Left: A community map with measured dimensions. Right: Iso-metric illustrated version of the community based on reference photos. This was developed to make the map more engaging and fun. Righthand illustration by Boyeon Choi.

In the field of design and technology today, deeply understanding users in their local context is an essential part to the design process. A holistic understanding of users generates empathy and a specificity of experience that enables designers to create valuable solutions for markets, communities and individuals.

In our field work in Uganda’s rural north and Kampala, its capital and largest city, we took the unique opportunity to conduct research, as designers, into informal technology usage from a more complex and discovery-based perspective. Jeff focused on informal electricity bypassing in an urban community in Kampala, and An looked at how youth transfer media files via Bluetooth in northern Uganda. These are the stories that emerged after a hybrid approach of design, ethnography and other research methods to understand the systems and structures in place and build relationships with individuals working and living in these contexts.

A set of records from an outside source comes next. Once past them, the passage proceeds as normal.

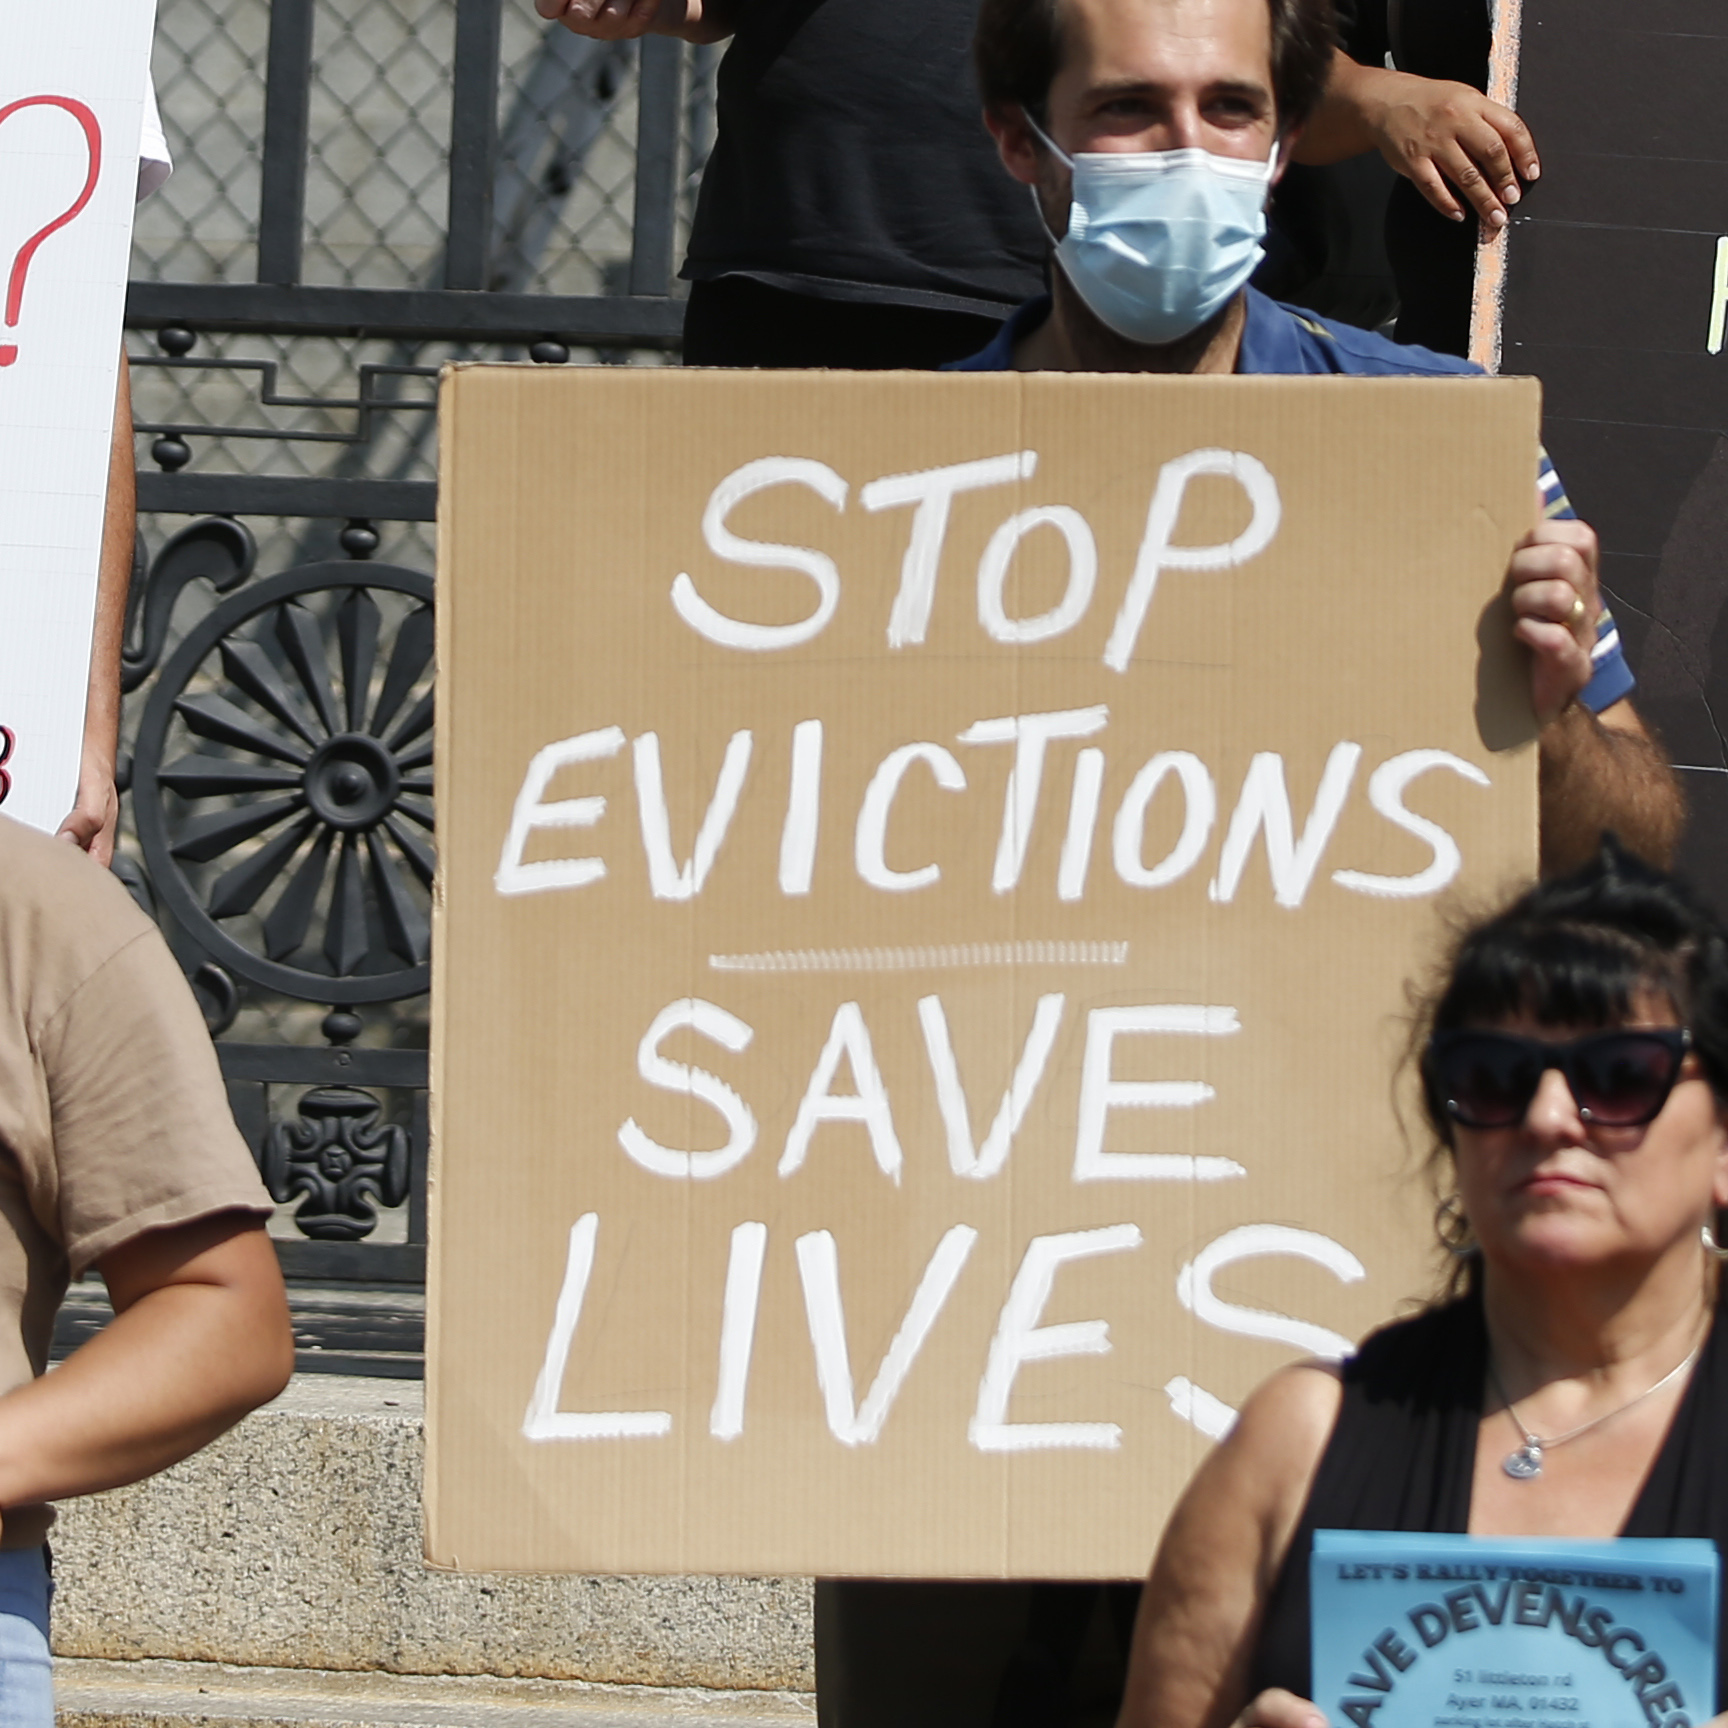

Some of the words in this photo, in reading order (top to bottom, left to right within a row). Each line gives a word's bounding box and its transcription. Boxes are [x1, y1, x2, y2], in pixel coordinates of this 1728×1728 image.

[671, 446, 1282, 672] STOP
[493, 704, 1491, 908] EVICTIONS
[616, 993, 1247, 1184] SAVE
[521, 1212, 1366, 1453] LIVES
[1337, 1562, 1410, 1581] LET'S
[1415, 1563, 1499, 1582] RALLY
[1649, 1575, 1685, 1594] TO

In an increasingly globalized world, local contexts matter more than ever before. Rich, deep ethnographic stories can communicate the complex conditions under which communities and individuals make decisions regarding technology use in their everyday lives. These stories in turn inform design decisions around technology development and practical use. As Jessica Weber and John Cheng recently argued in UX Magazine, “Ethnography reveals how digital and physical processes work together to help businesses address gaps and focus on the entire customer experience.”

We present two examples of user stories from our research into informal systems, as well as the visual forms we developed to communicate it. It was essential to use visualization to engage the designers and researchers in a developed, U.S. context to translate the unique characteristics of the informal systems for those who couldn’t experience them firsthand. Visualizing the conditions and the systematic influences at work through user-generated drawings, maps, videos and photographic documentation placed them in context, helping to reframe these stories in a manner that permitted audiences in the United States to make judgments based on local values and their emergent informal usage of technology.